_PROBLEM TO WORK ON_
Verbatim copy without images: repeat the records in full.

════════

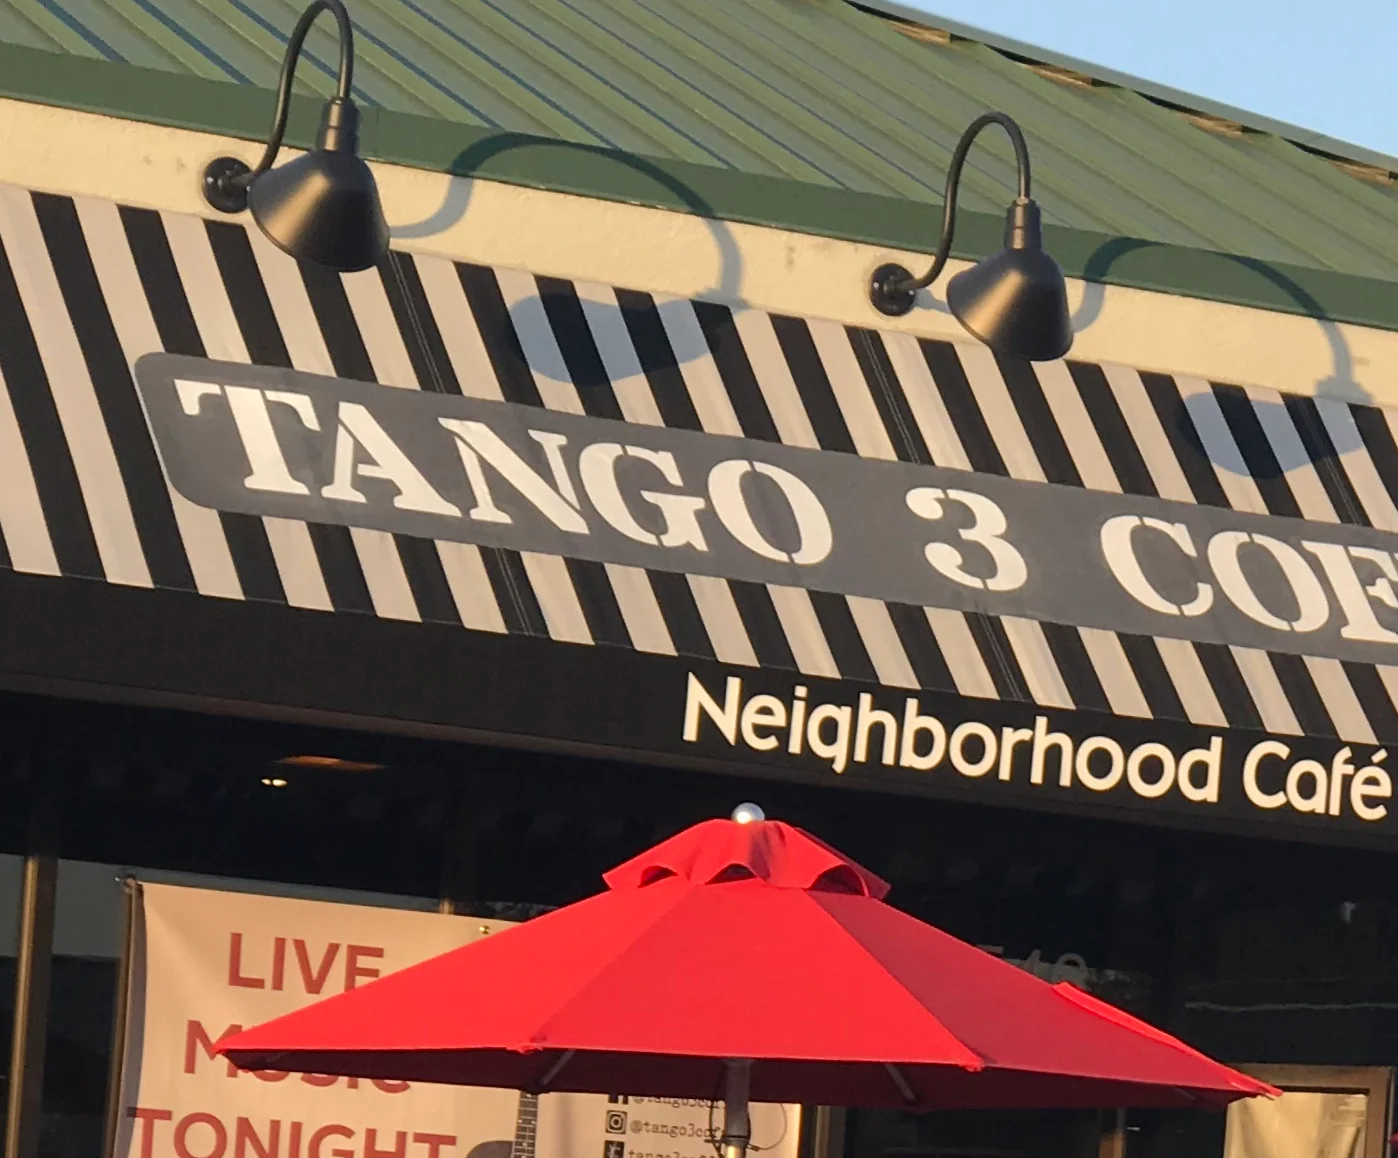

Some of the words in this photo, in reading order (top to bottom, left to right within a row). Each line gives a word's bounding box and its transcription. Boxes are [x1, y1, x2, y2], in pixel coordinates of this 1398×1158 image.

[174, 378, 833, 567] TANGO
[906, 486, 1029, 592] 3
[682, 671, 1224, 803] Neighborhood
[1242, 746, 1393, 822] Café
[227, 932, 385, 995] LIVE
[630, 1119, 725, 1139] @tango3cof

════════

_ANSWER BOX_
Some of the words in this photo, in reading order (top to bottom, left to right within a row). Each line gives a word's bounding box and its transcription. Boxes are [x1, y1, x2, y2], in pixel coordinates of this 1398×1158 image.

[174, 378, 833, 567] TANGO
[906, 486, 1029, 592] 3
[682, 671, 1224, 803] Neighborhood
[1242, 746, 1393, 822] Café
[227, 932, 385, 995] LIVE
[630, 1119, 725, 1139] @tango3cof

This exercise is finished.